Gli dei non sono presenti nell’Odissea di Nolan tanto quanto nell’originale
Sebbene l’influenza del pantheon greco sia percepibile in tutta l’Odissea, gli dei stessi sono in gran parte assenti dalla storia. Nel testo originale, Atena convince Zeus a permettere a Ulisse di tornare a casa, e per questo motivo Ermes svolge ripetutamente un ruolo chiave di supporto nei suoi tentativi di fuga.

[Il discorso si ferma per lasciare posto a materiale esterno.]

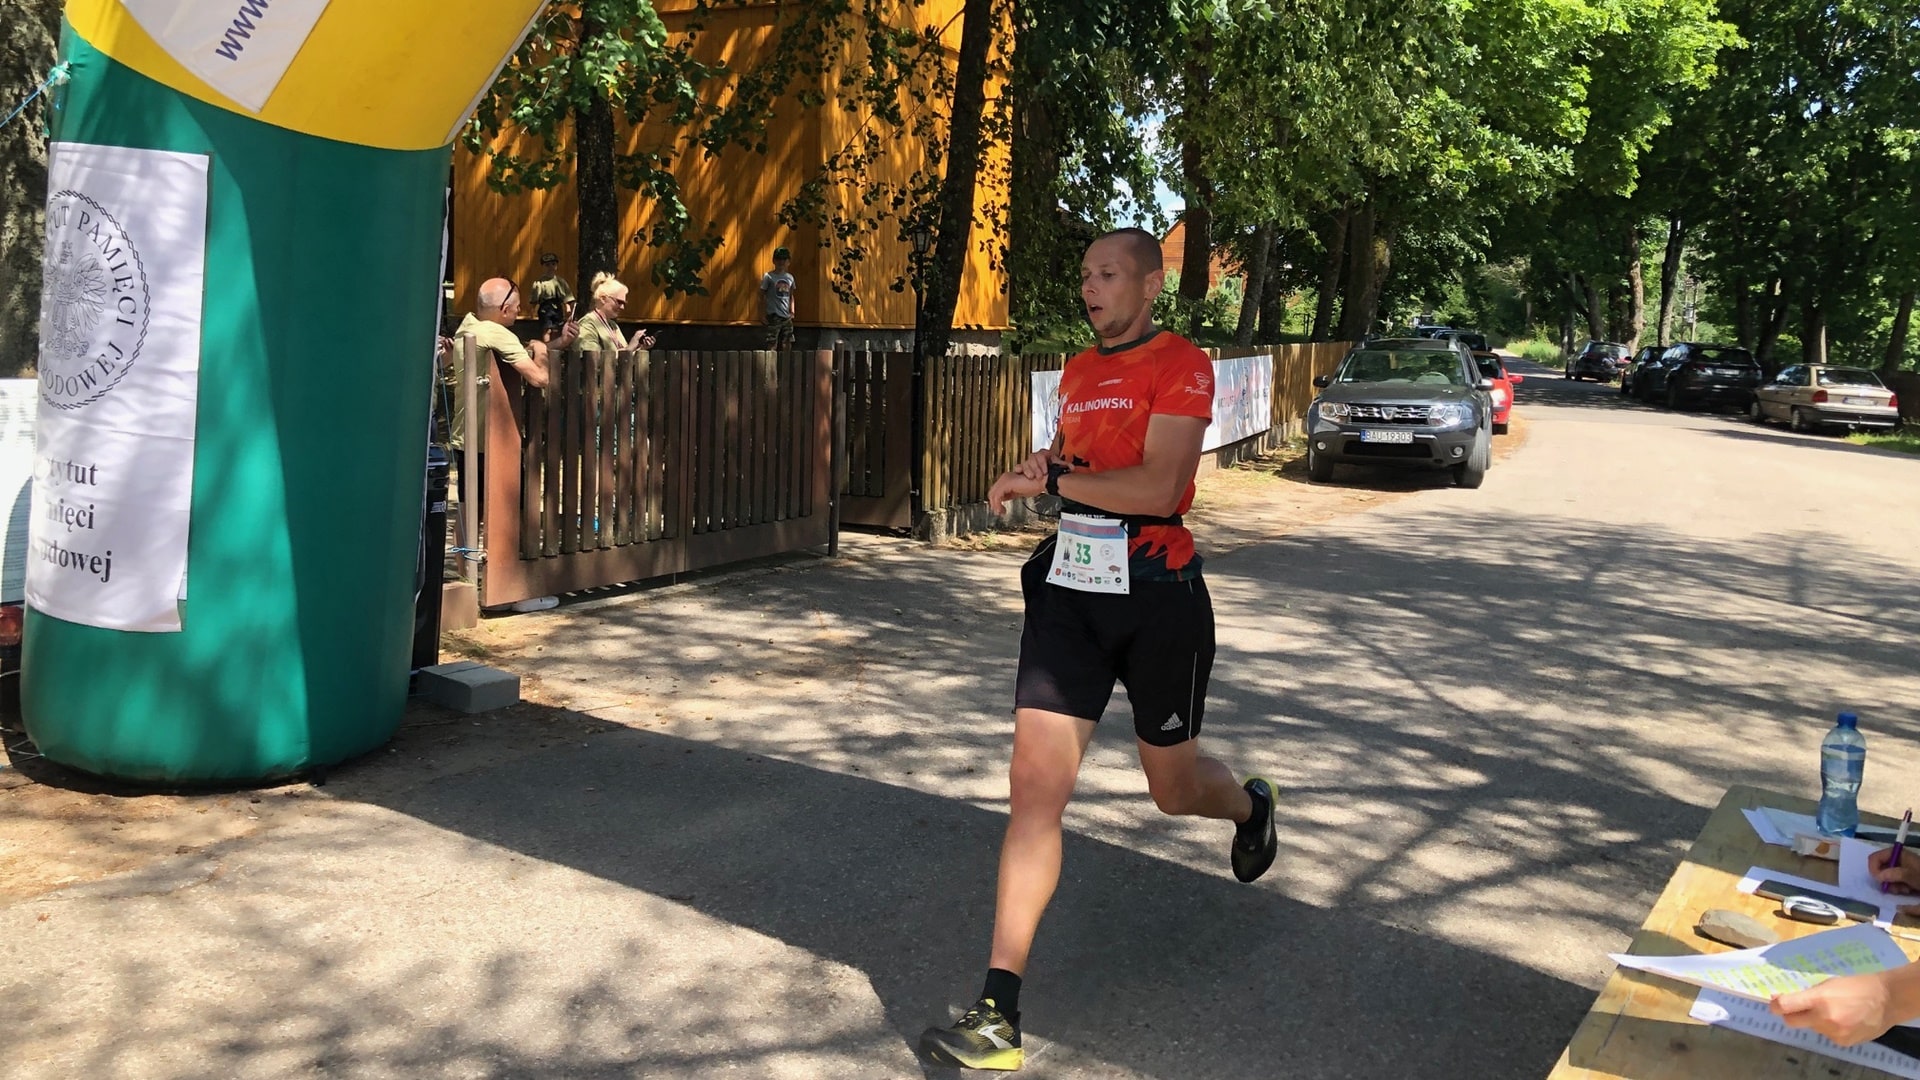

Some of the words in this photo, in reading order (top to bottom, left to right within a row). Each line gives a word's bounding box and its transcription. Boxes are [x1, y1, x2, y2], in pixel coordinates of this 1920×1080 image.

[77, 210, 138, 328] PAMIĘCI
[1066, 397, 1133, 414] KALINOWSKI
[1074, 542, 1092, 565] 33
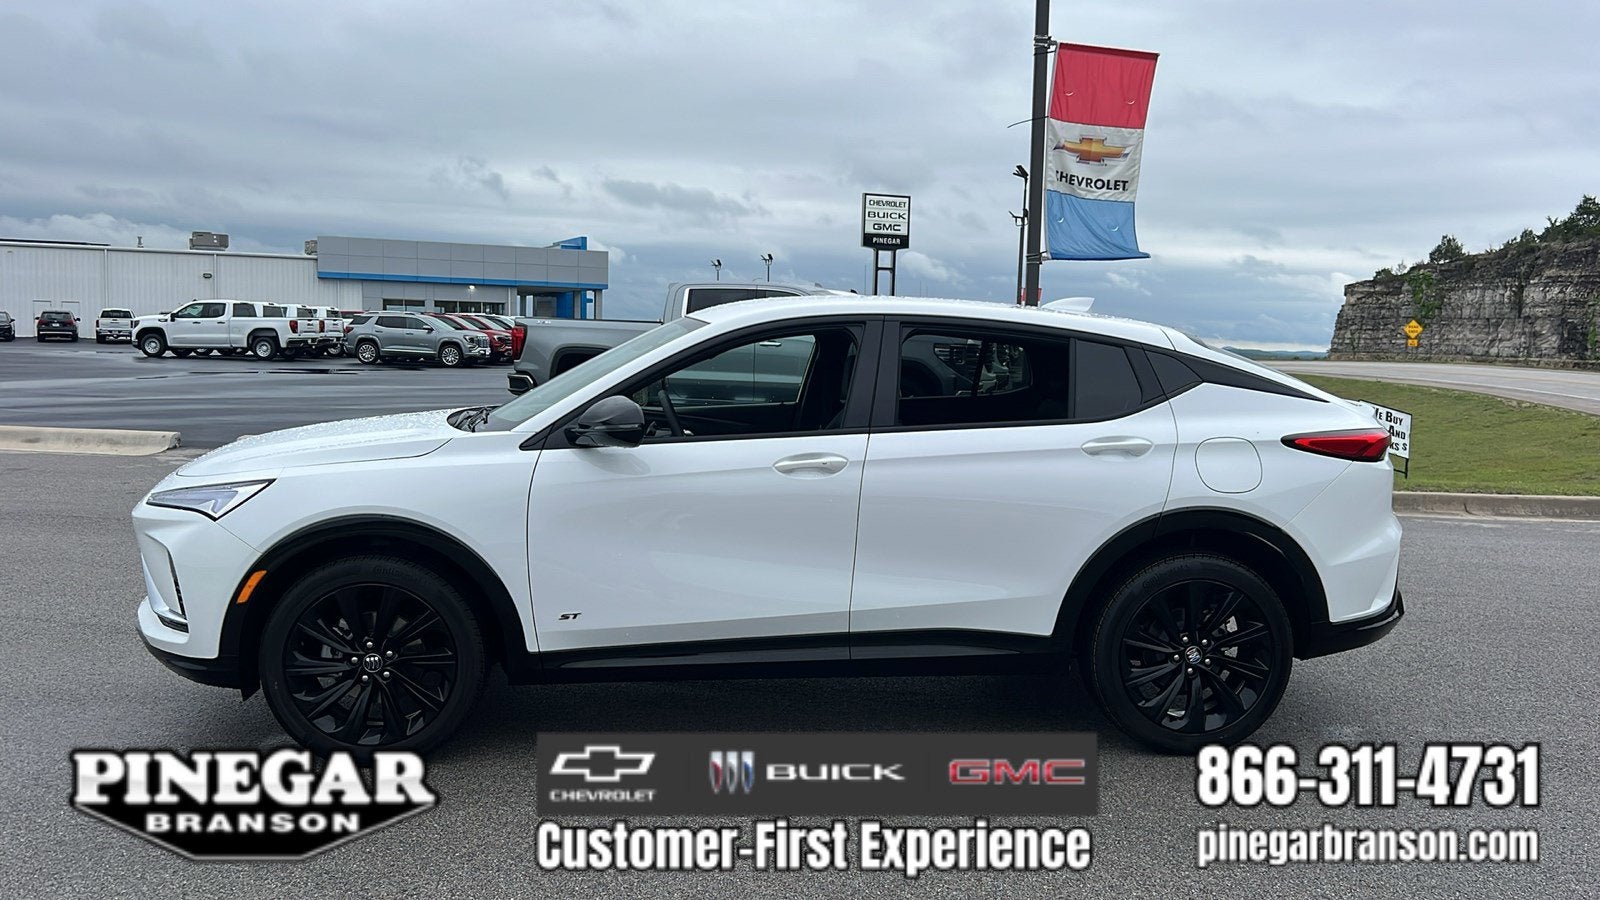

Atena appaia in diverse visioni nel film, ma Ermes è completamente assente. L’influenza di Zeus è in gran parte limitata al rispetto delle sue leggi da parte dei Greci, e alla sua vendetta quando gli uomini di Ulisse mangiano le vacche di Apollo. È una piccola differenza, ma che allontana ulteriormente Ulisse dalle divinità che regolarmente frustra.
La sfida del letto è stata tagliata
Una modifica sostanziale al finale dell’Odissea riguarda i momenti finali del film, dopo la sconfitta dei Proci. Nella storia originale, Penelope pone a Ulisse un’ultima sfida: spostare il loro letto matrimoniale. Tuttavia, Ulisse sa che è scolpito in un tronco d’albero e che non può essere spostato, dimostrando così definitivamente la sua identità.
Quest’ultima sfida è stata tagliata dal film, Penelope finalmente si ricongiunge al marito dopo che questi ha sconfitto i pretendenti. Ciò permette alla grande battaglia di essere il culmine del film e consente all’Odissea di concludersi con un momento di trionfo più pacato, prima che Ulisse e Penelope si riuniscano e si dirigano verso occidente.
L’esilio
Il finale del film di Nolan vede Ulisse e Penelope salpare verso Occidente. Lì il re di Itaca ha promesso di rendere omaggio finalmente ai compagni caduti e lasciati insepolti, ma lì abbraccerà anche il suo esilio, dopo aver infranto le leggi dell’ospitalità di Zeus, sia nella presa di Troia che nella strage dei Proci.
La modifica di questo finale da una parte riecheggia con la lettura dantesca della sorte di Ulisse, dall’altra abbraccia il cambiamento che Nolan ha apportato al suo personaggio, rendendolo un uomo contemporaneo e più vicino alla sensibilità moderna.